> _Dataset excerpts_:
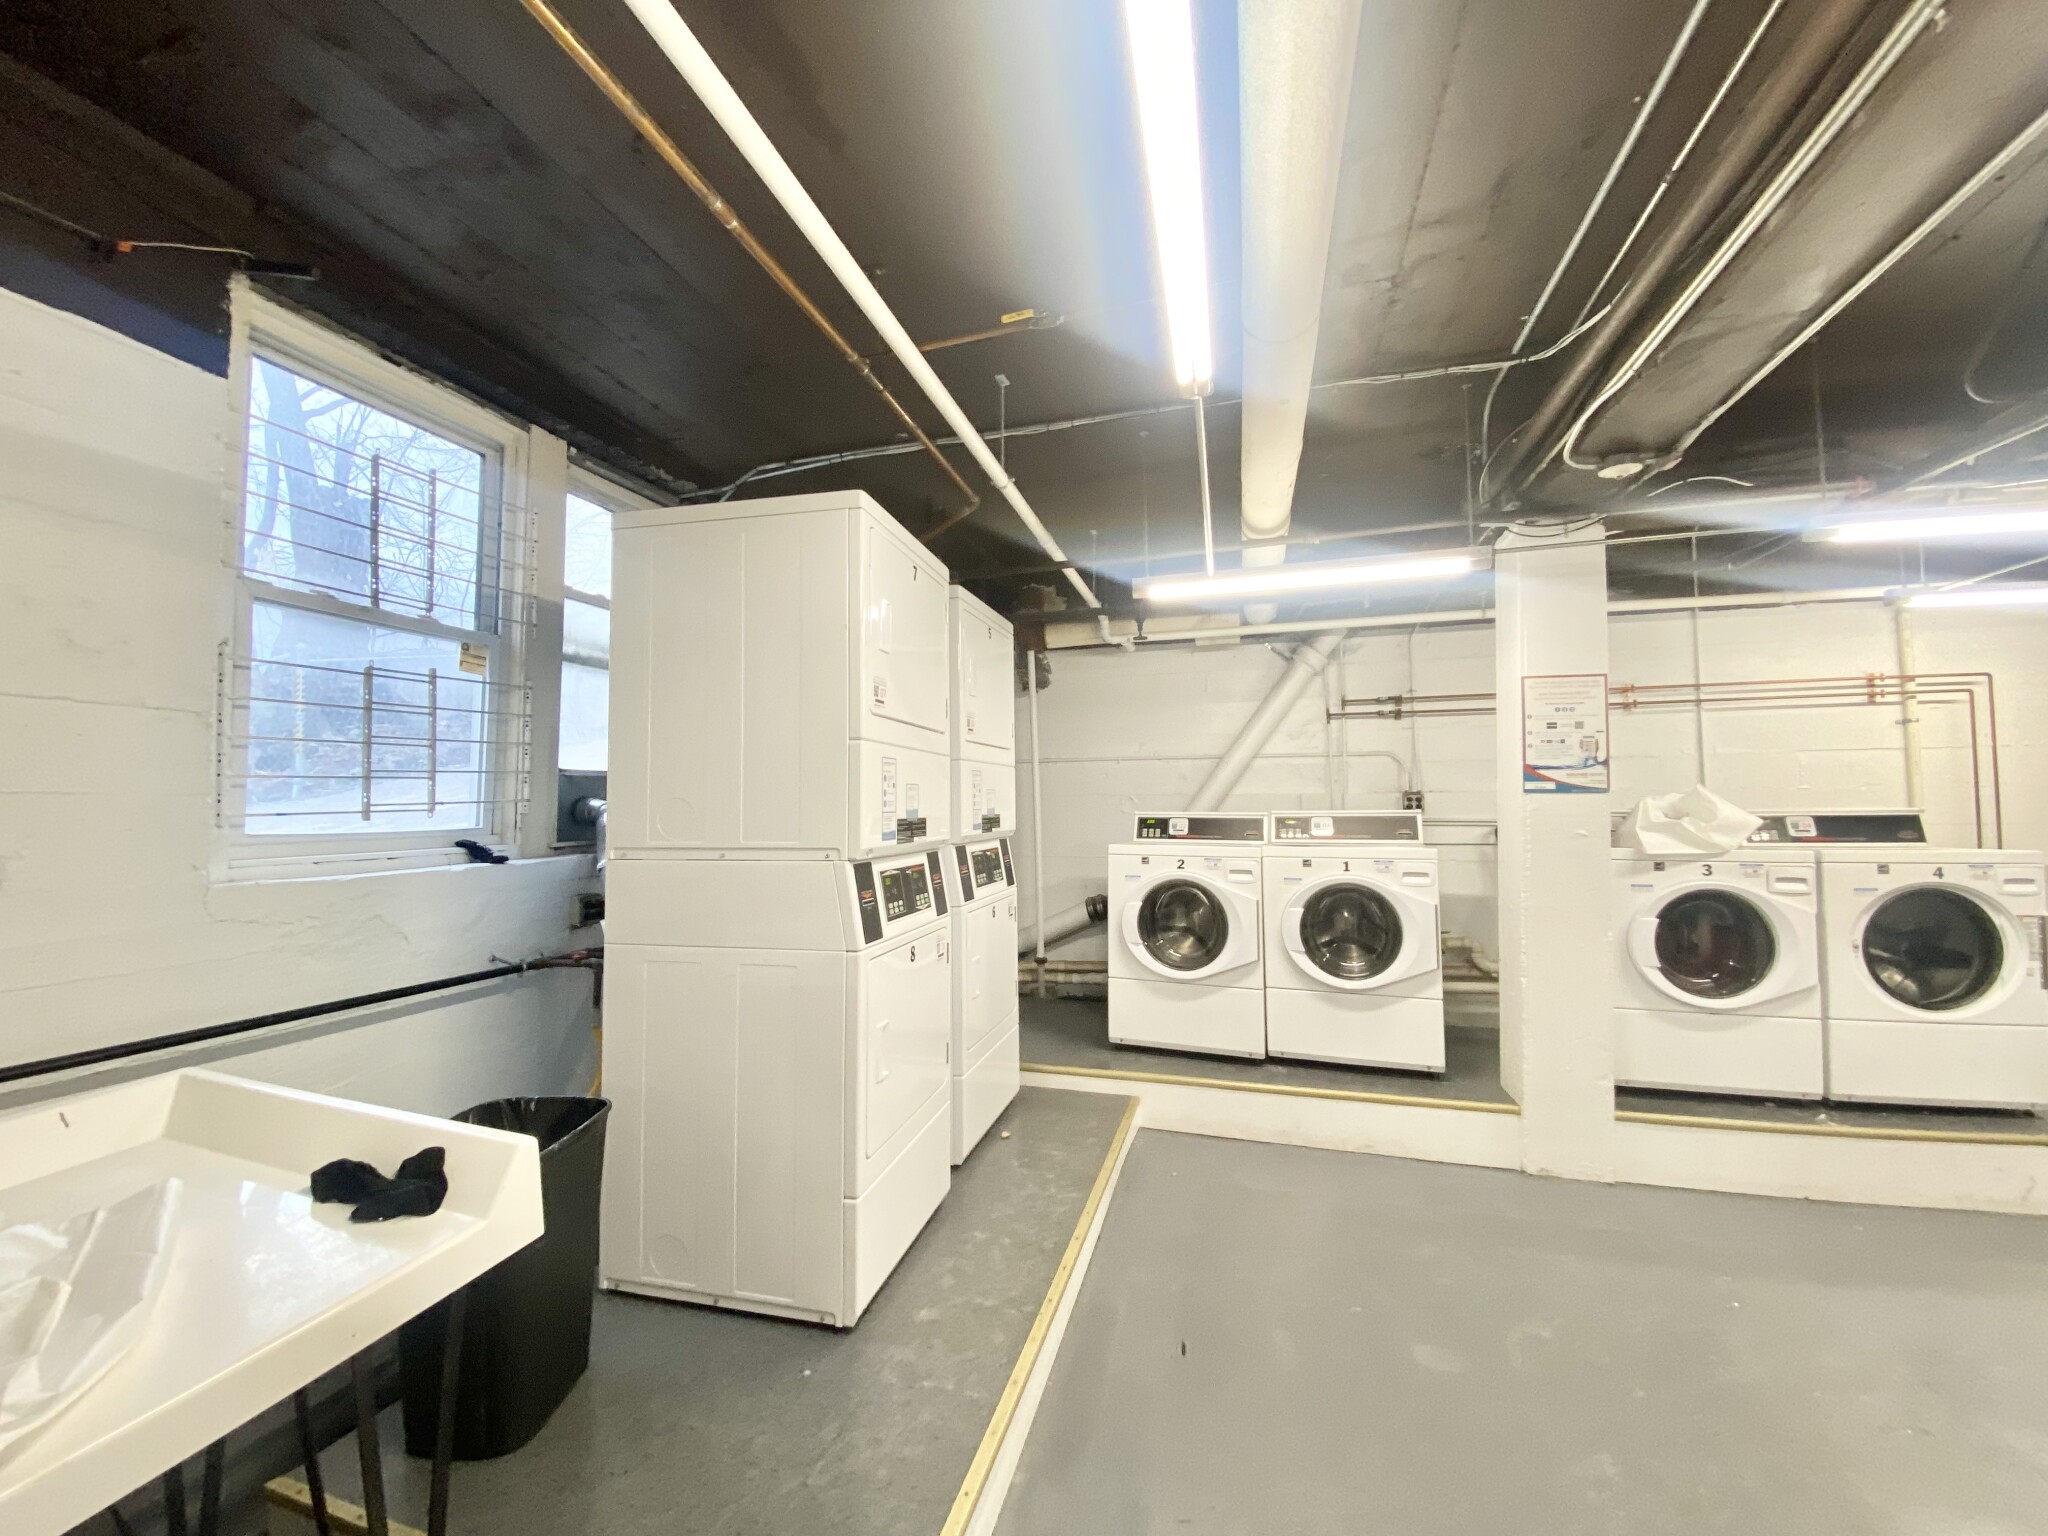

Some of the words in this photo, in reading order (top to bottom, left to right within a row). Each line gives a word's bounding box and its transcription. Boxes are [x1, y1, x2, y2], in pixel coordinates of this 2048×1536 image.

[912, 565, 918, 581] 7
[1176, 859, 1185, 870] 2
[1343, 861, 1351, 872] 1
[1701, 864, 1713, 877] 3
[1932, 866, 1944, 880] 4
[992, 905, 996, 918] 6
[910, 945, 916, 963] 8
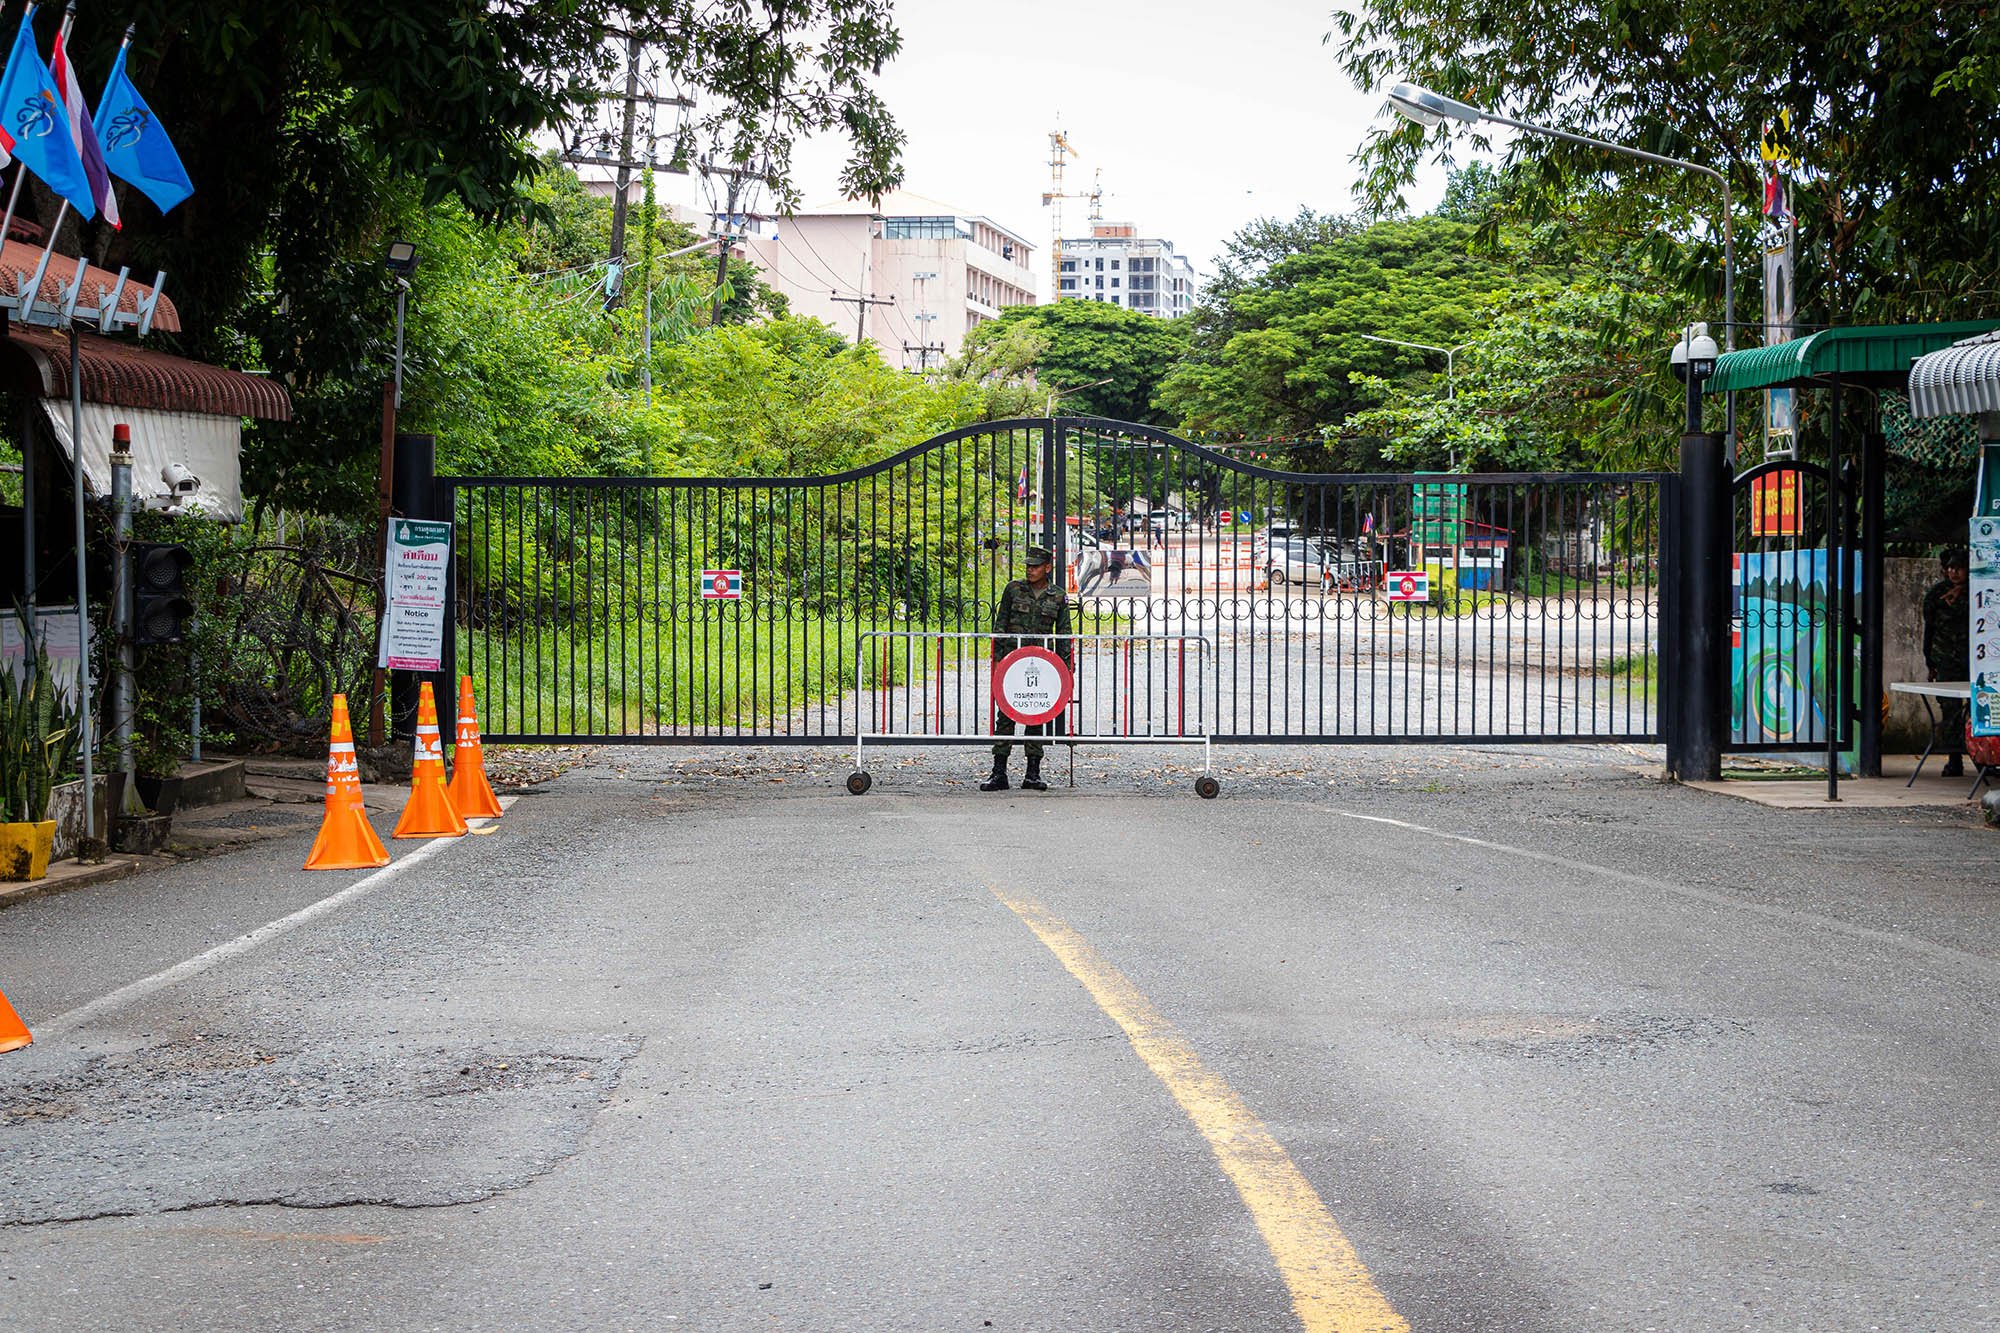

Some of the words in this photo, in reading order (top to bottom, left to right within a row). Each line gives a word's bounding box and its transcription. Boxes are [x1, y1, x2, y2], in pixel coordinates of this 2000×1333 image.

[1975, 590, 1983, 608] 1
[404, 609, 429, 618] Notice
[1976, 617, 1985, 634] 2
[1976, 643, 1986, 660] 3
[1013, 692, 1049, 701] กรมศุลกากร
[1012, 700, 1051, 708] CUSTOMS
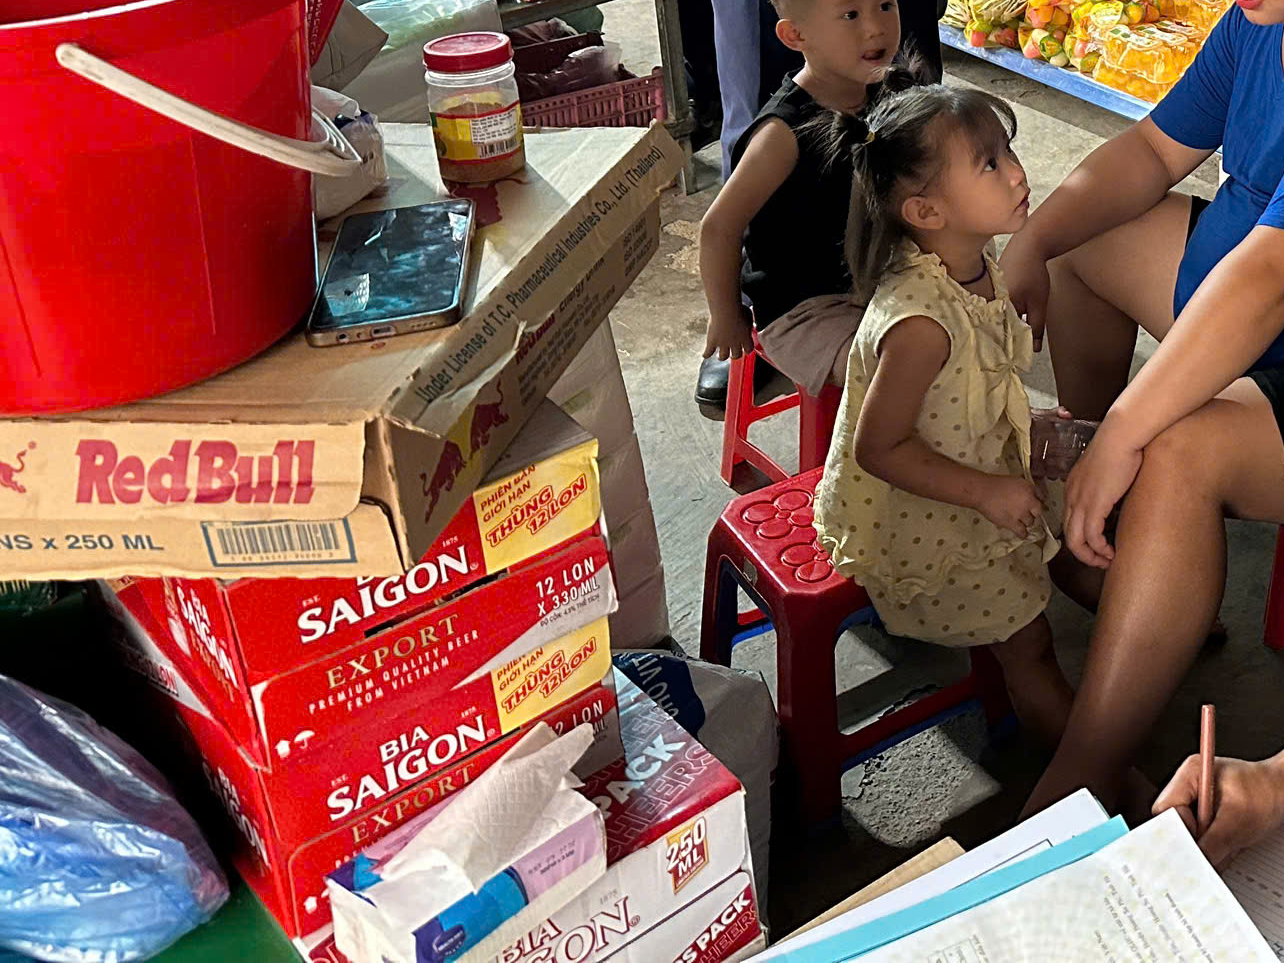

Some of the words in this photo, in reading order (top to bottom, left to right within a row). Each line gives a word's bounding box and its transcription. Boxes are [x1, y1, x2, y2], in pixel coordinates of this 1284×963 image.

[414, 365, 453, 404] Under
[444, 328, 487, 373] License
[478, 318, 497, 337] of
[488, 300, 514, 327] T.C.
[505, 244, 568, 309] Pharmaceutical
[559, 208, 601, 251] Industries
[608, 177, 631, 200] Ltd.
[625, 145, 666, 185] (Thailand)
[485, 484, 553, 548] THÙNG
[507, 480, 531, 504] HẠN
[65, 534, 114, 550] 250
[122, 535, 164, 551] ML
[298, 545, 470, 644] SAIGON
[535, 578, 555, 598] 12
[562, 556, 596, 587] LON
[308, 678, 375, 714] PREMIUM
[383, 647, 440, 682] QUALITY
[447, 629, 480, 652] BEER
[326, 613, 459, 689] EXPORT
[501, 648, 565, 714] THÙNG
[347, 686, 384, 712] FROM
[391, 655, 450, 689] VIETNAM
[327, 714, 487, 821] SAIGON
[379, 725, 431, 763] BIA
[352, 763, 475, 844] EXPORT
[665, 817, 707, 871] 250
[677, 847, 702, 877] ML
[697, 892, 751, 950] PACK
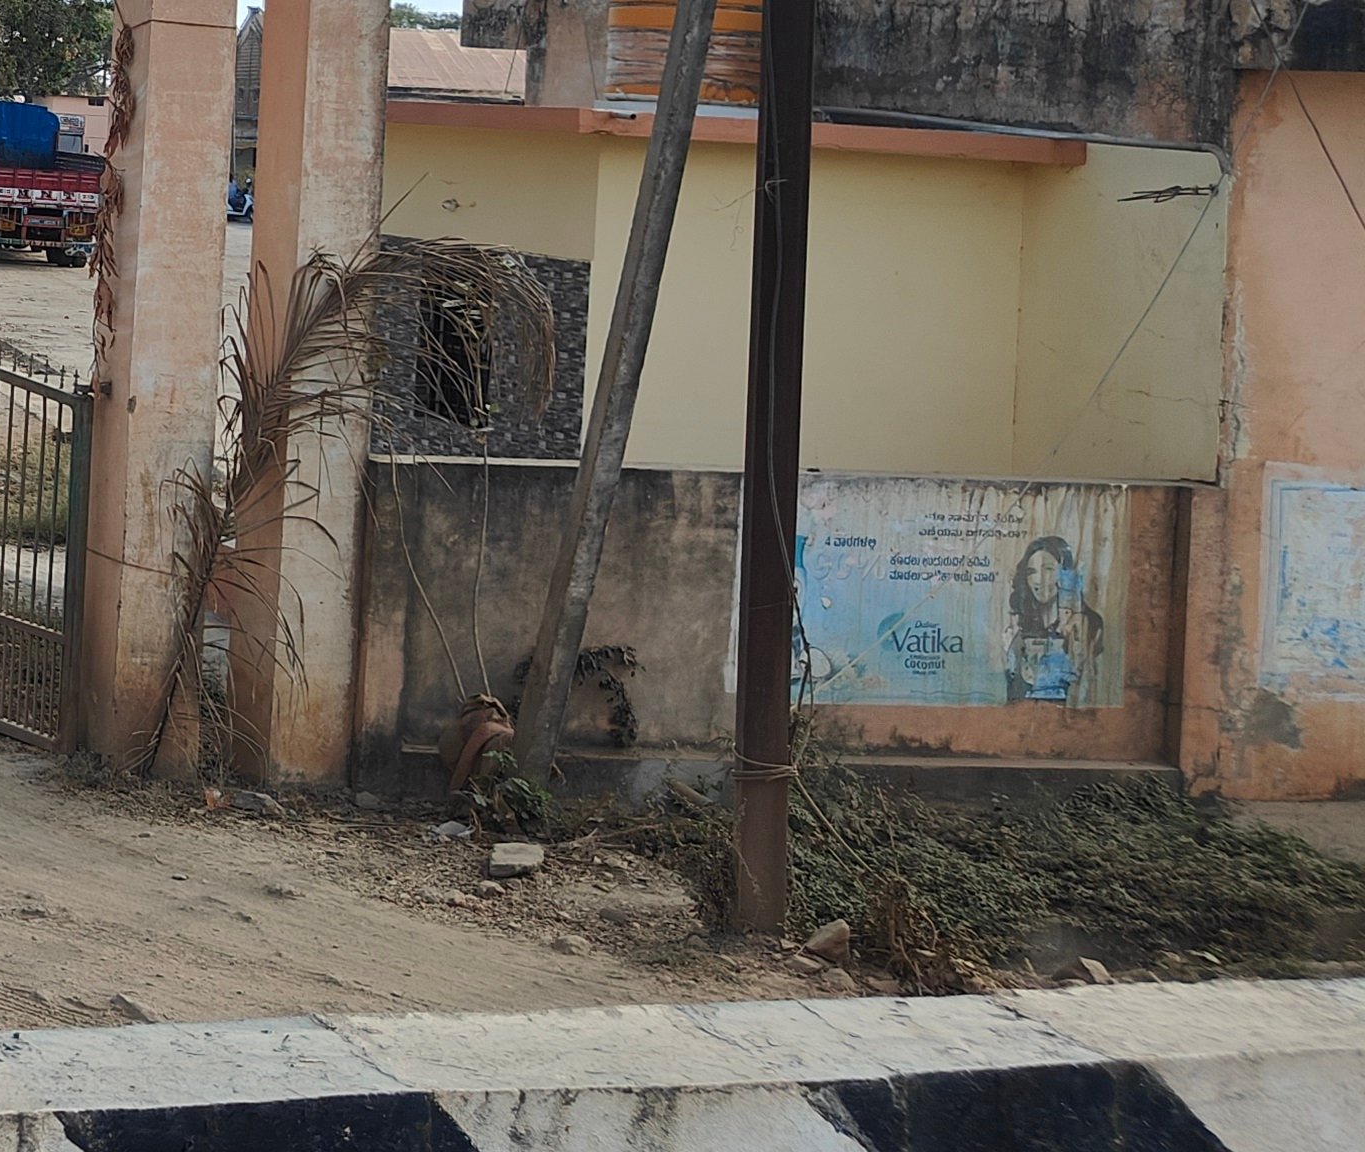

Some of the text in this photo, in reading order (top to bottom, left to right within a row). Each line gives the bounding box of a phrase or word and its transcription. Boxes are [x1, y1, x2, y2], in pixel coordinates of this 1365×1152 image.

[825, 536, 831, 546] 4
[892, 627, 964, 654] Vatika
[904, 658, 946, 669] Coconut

> _Problem requirements_: Could you set down exactly the lines above, from the one containing "Some of the text" through the last, including both and nothing else?

> _Result of this task_:
Some of the text in this photo, in reading order (top to bottom, left to right within a row). Each line gives the bounding box of a phrase or word and its transcription. Boxes are [x1, y1, x2, y2], in pixel coordinates of this 1365×1152 image.

[825, 536, 831, 546] 4
[892, 627, 964, 654] Vatika
[904, 658, 946, 669] Coconut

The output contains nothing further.